▶ _Task_
The reply should consist of the line containing "this 1280×1200 image." and all lines after it in the listing below, reproduced exactly and nothing more.

▶ _Data for analysis_
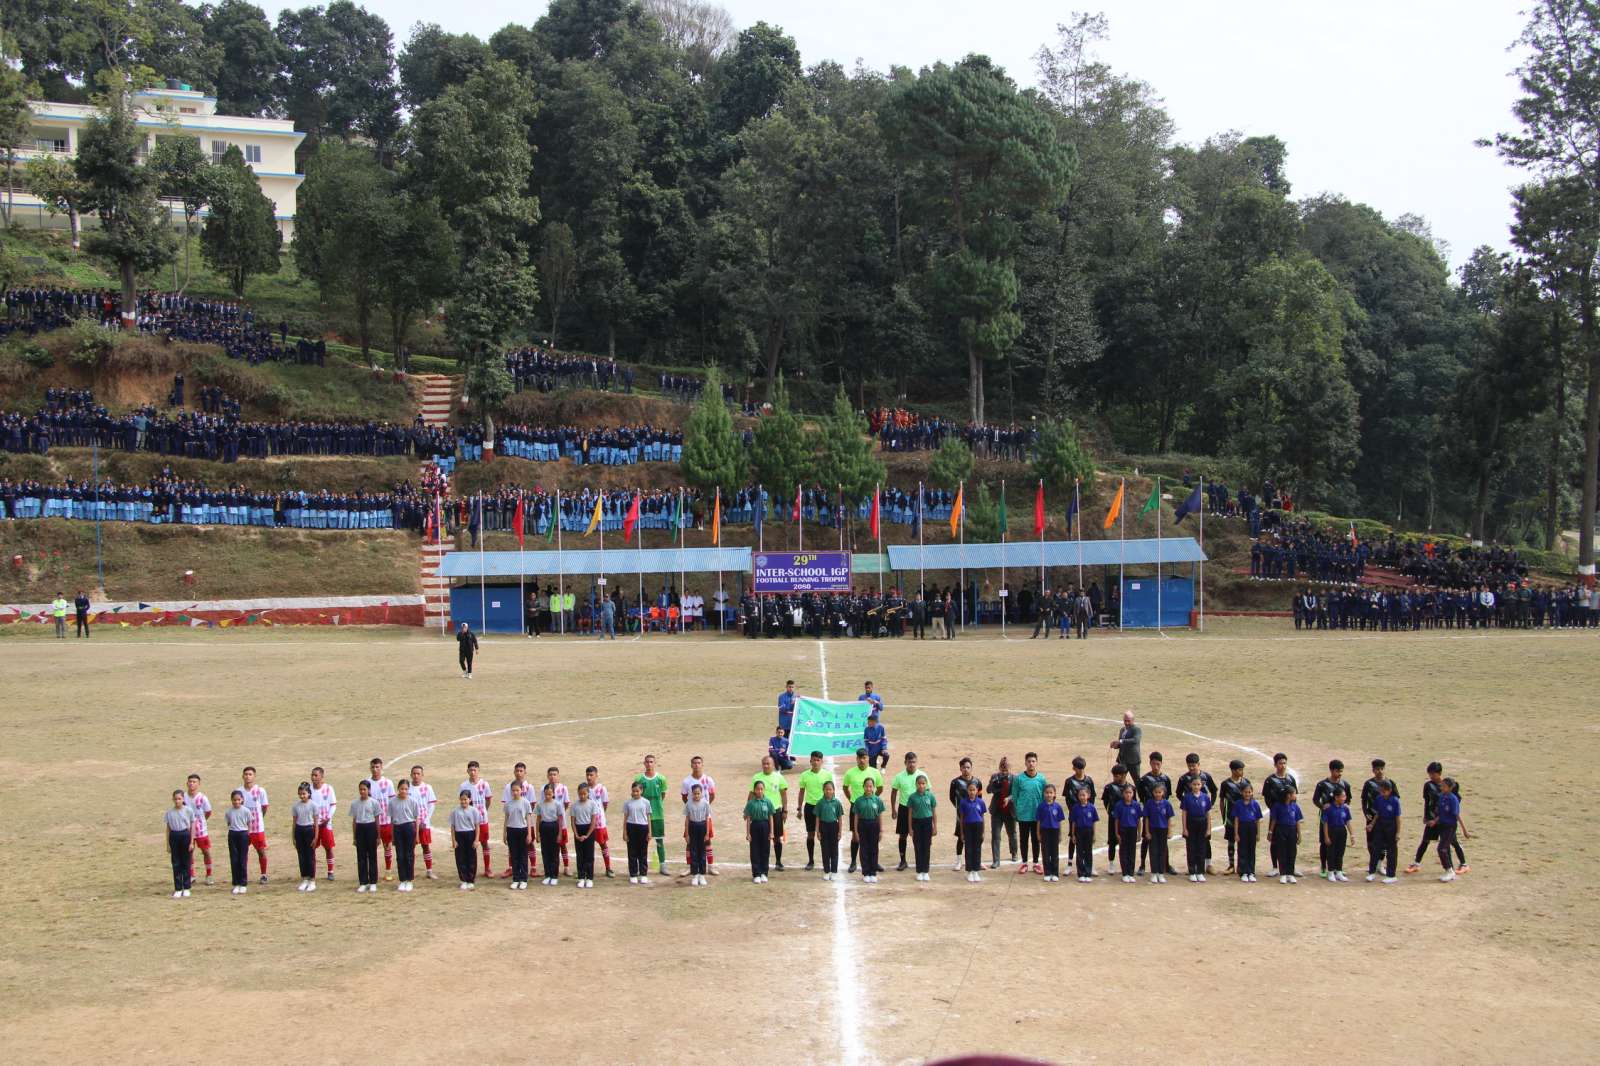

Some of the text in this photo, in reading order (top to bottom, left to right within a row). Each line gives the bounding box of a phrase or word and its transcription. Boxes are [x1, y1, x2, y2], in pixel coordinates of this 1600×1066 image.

[793, 554, 817, 566] 29TH
[756, 567, 849, 577] INTER-SCHOOL IGP
[832, 738, 863, 749] FIFA
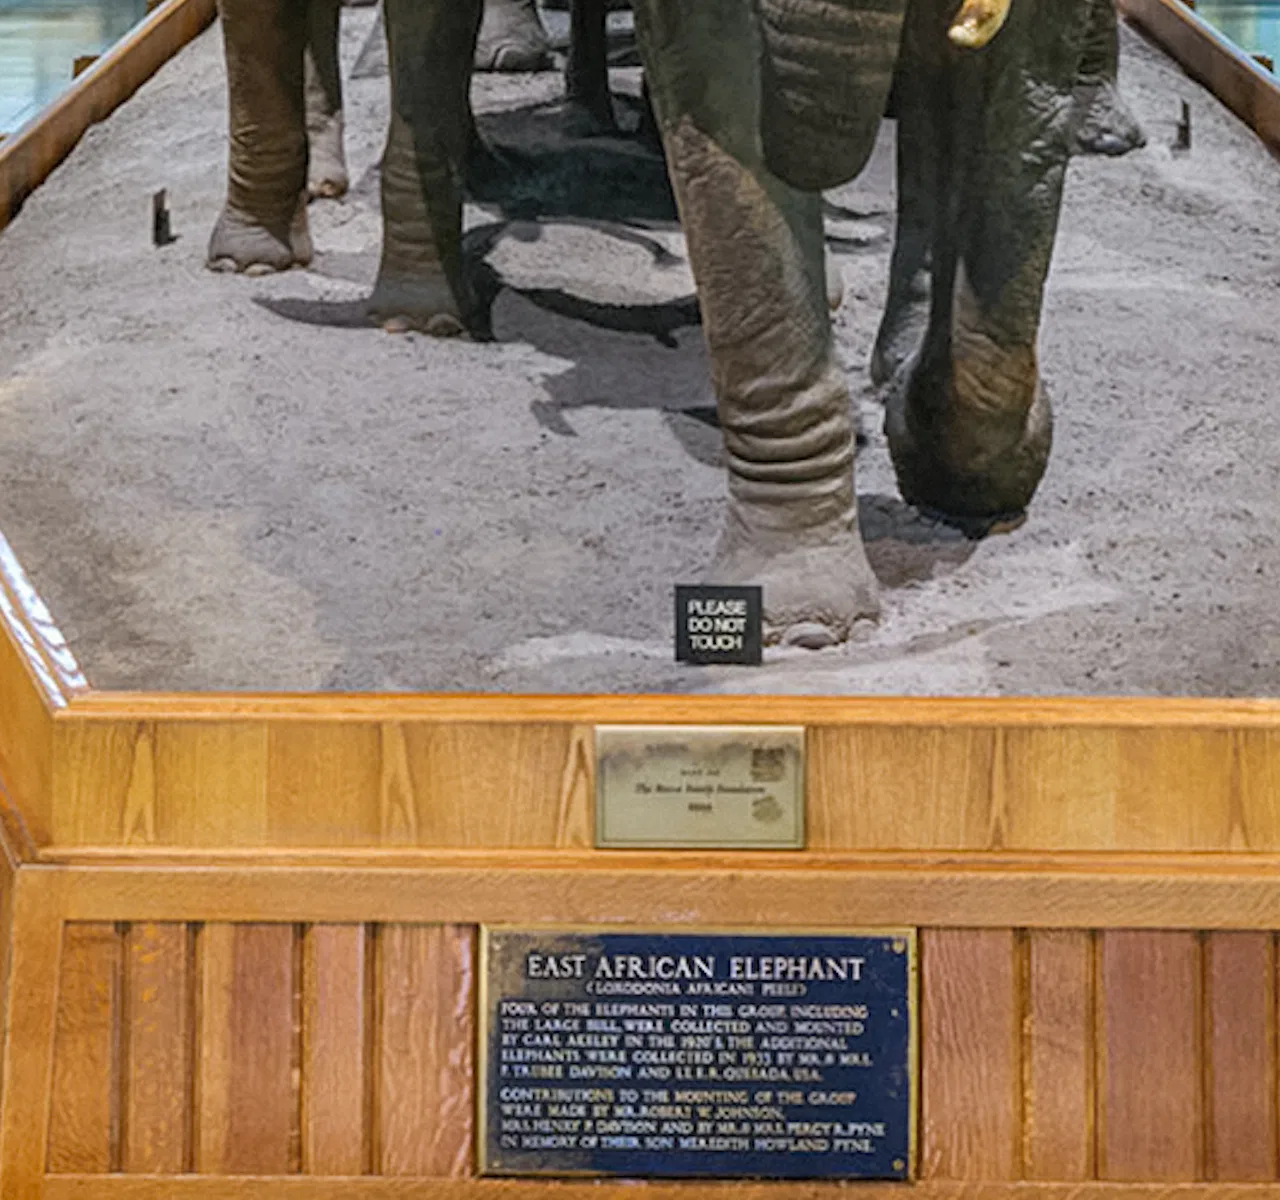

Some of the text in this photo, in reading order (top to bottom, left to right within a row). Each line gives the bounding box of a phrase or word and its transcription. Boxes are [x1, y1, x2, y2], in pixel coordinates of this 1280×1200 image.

[687, 600, 747, 615] PLEASE
[688, 618, 746, 632] DO NOT
[689, 635, 742, 650] TOUCH
[528, 955, 864, 981] EAST AFRICAN ELEPHANT
[541, 1002, 559, 1016] OF
[563, 1003, 590, 1016] THE
[595, 1003, 675, 1016] ELEPHANTS
[679, 1005, 698, 1017] IN
[502, 1019, 528, 1030] THE
[534, 1019, 580, 1030] LARGE
[622, 1019, 663, 1032] WERE
[670, 1020, 751, 1032] COLLECTED
[755, 1021, 788, 1033] AND
[793, 1022, 864, 1035] MOUNTED
[502, 1034, 519, 1045] BY
[624, 1035, 643, 1047] IN
[648, 1036, 675, 1047] THE
[632, 1051, 714, 1064] COLLECTED
[637, 1067, 671, 1079] AND
[642, 1090, 669, 1103] THE
[754, 1091, 772, 1104] OF
[660, 1122, 694, 1134] AND
[579, 1136, 598, 1148] OF

▶ _Task answer_
Some of the text in this photo, in reading order (top to bottom, left to right within a row). Each line gives the bounding box of a phrase or word and its transcription. Boxes are [x1, y1, x2, y2], in pixel coordinates of this 1280×1200 image.

[687, 600, 747, 615] PLEASE
[688, 618, 746, 632] DO NOT
[689, 635, 742, 650] TOUCH
[528, 955, 864, 981] EAST AFRICAN ELEPHANT
[541, 1002, 559, 1016] OF
[563, 1003, 590, 1016] THE
[595, 1003, 675, 1016] ELEPHANTS
[679, 1005, 698, 1017] IN
[502, 1019, 528, 1030] THE
[534, 1019, 580, 1030] LARGE
[622, 1019, 663, 1032] WERE
[670, 1020, 751, 1032] COLLECTED
[755, 1021, 788, 1033] AND
[793, 1022, 864, 1035] MOUNTED
[502, 1034, 519, 1045] BY
[624, 1035, 643, 1047] IN
[648, 1036, 675, 1047] THE
[632, 1051, 714, 1064] COLLECTED
[637, 1067, 671, 1079] AND
[642, 1090, 669, 1103] THE
[754, 1091, 772, 1104] OF
[660, 1122, 694, 1134] AND
[579, 1136, 598, 1148] OF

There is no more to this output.